*Dataset records:*
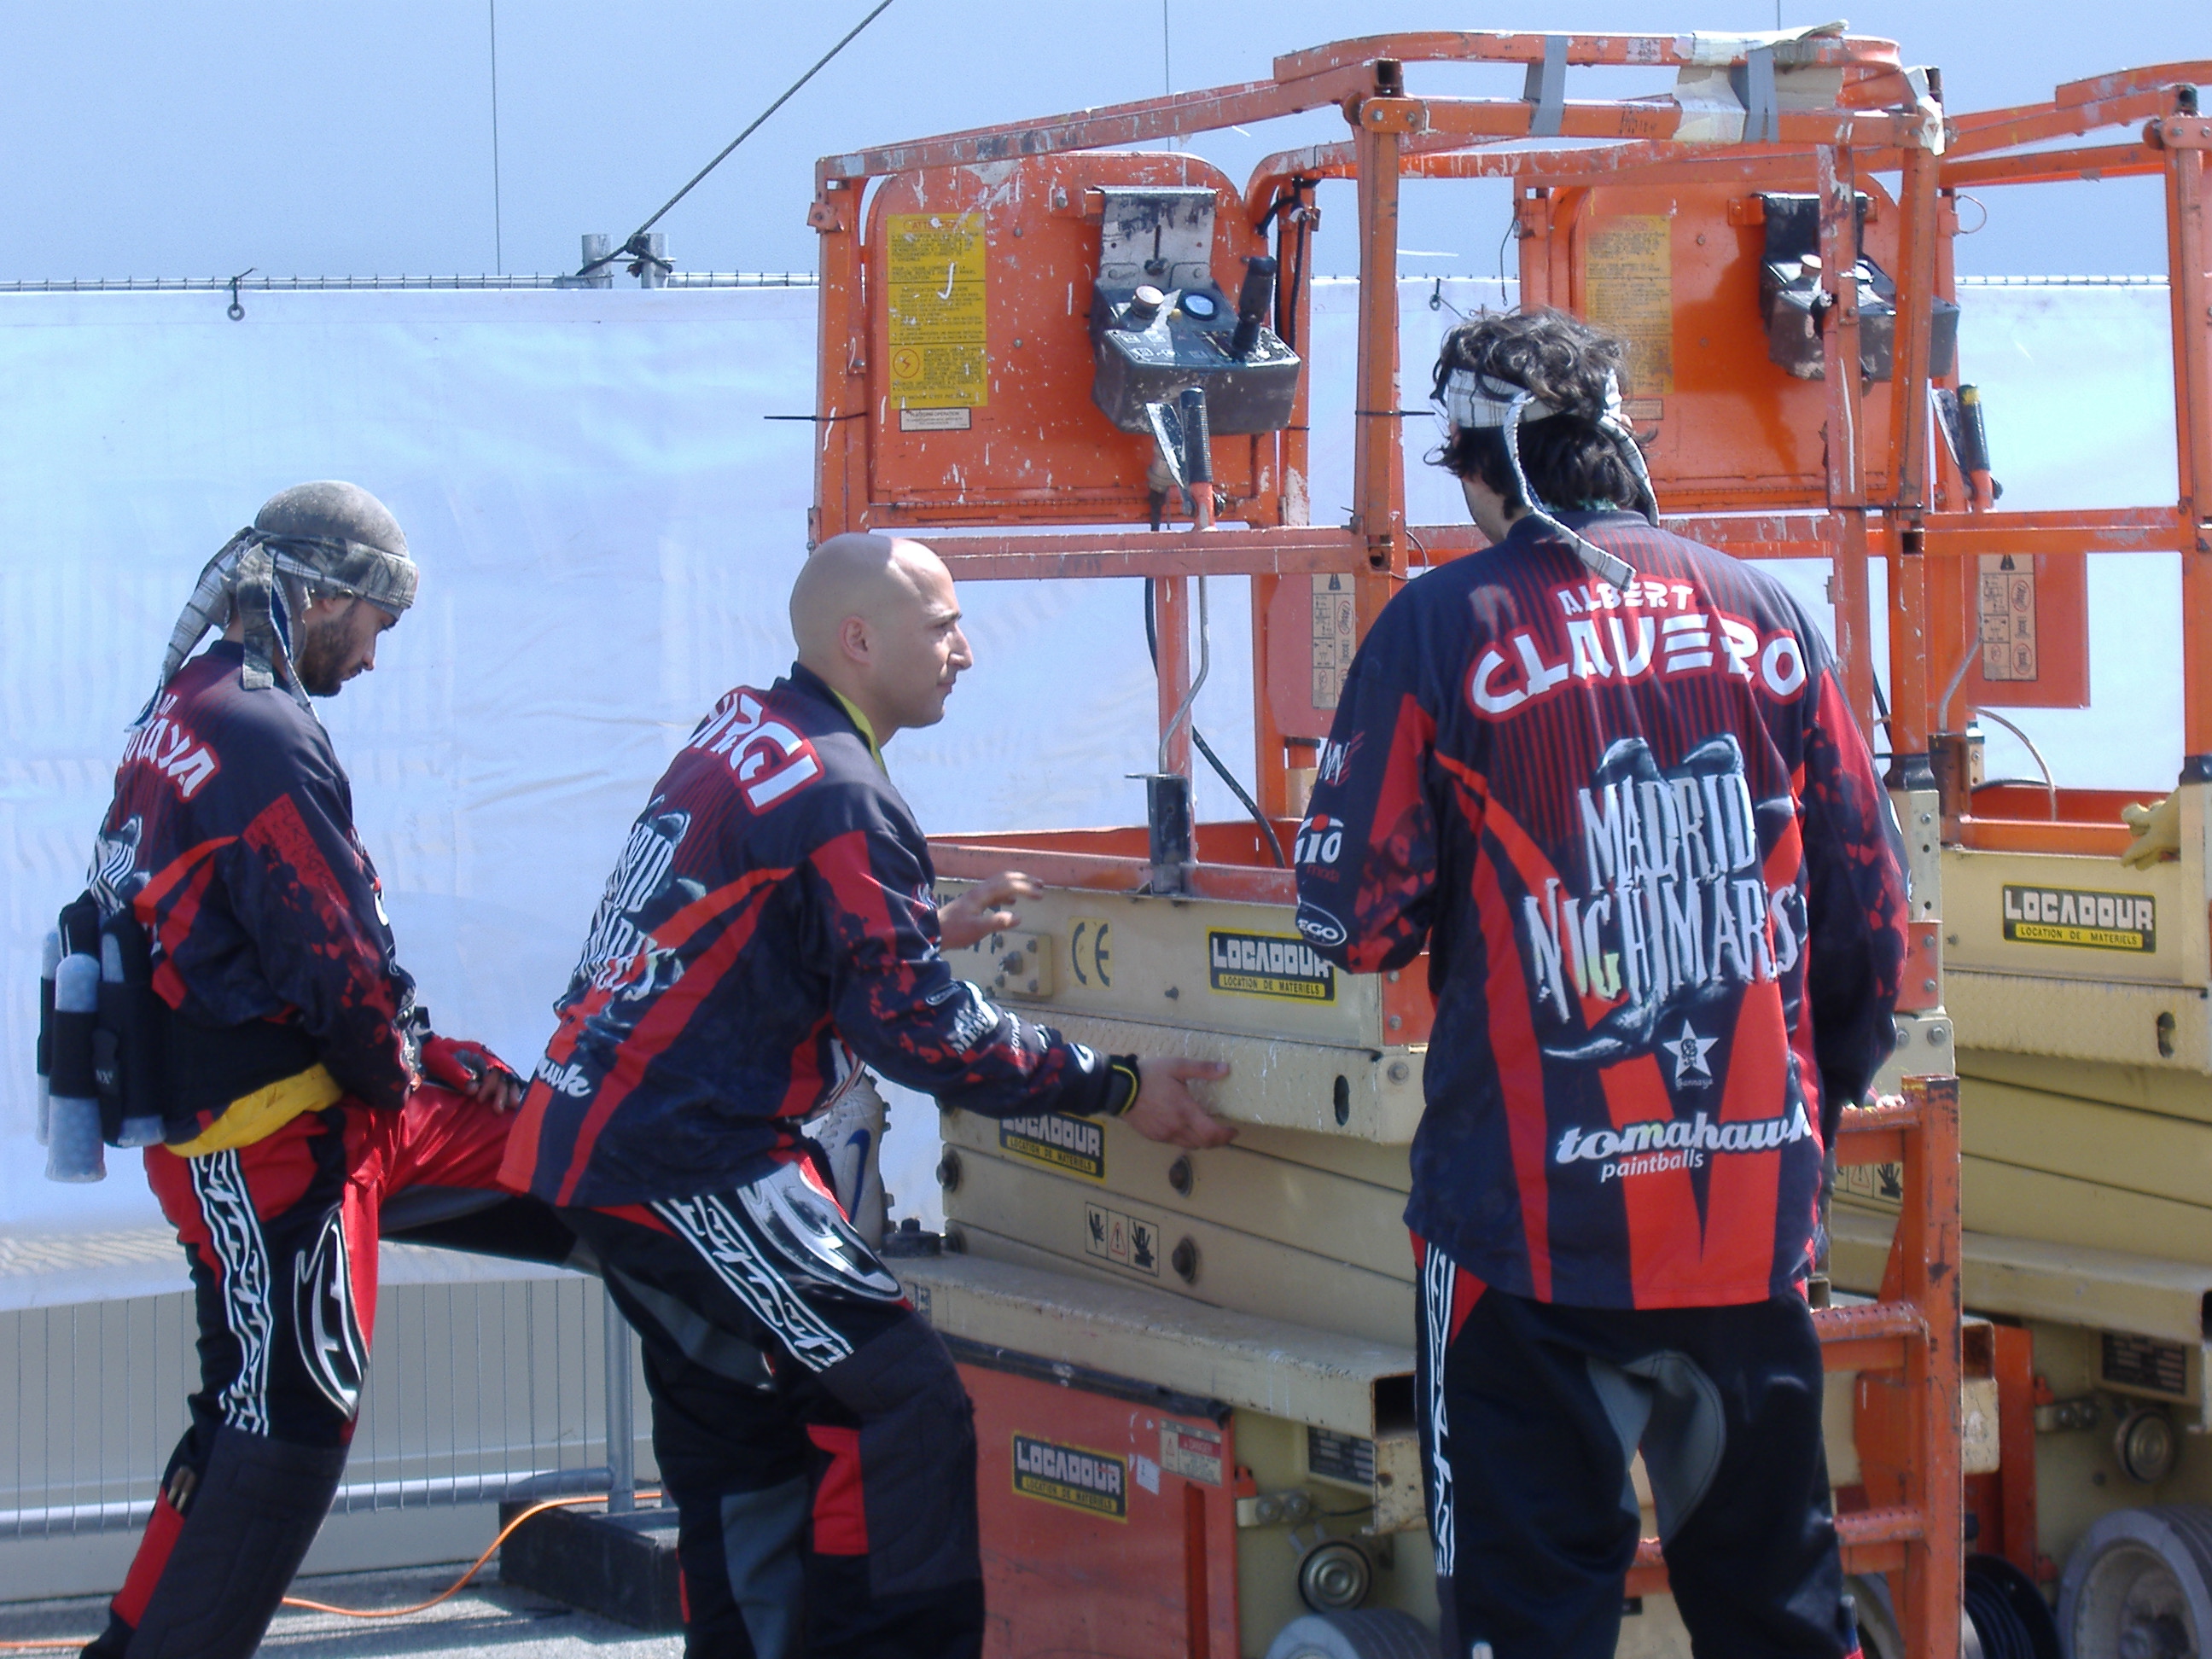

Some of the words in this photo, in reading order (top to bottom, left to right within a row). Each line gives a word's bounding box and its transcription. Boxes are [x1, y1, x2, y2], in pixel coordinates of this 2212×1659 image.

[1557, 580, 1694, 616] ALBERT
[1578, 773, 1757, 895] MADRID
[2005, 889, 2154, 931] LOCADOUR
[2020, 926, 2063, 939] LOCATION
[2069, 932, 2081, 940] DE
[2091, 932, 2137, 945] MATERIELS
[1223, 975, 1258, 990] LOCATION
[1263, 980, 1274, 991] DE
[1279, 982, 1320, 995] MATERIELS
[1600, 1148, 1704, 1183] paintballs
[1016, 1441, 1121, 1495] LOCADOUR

*TO DO:* Every entry belongs in the answer exactly as written, but no picture does.

*SOLUTION FOR THIS EXERCISE:*
Some of the words in this photo, in reading order (top to bottom, left to right within a row). Each line gives a word's bounding box and its transcription. Boxes are [x1, y1, x2, y2], in pixel coordinates of this 2212×1659 image.

[1557, 580, 1694, 616] ALBERT
[1578, 773, 1757, 895] MADRID
[2005, 889, 2154, 931] LOCADOUR
[2020, 926, 2063, 939] LOCATION
[2069, 932, 2081, 940] DE
[2091, 932, 2137, 945] MATERIELS
[1223, 975, 1258, 990] LOCATION
[1263, 980, 1274, 991] DE
[1279, 982, 1320, 995] MATERIELS
[1600, 1148, 1704, 1183] paintballs
[1016, 1441, 1121, 1495] LOCADOUR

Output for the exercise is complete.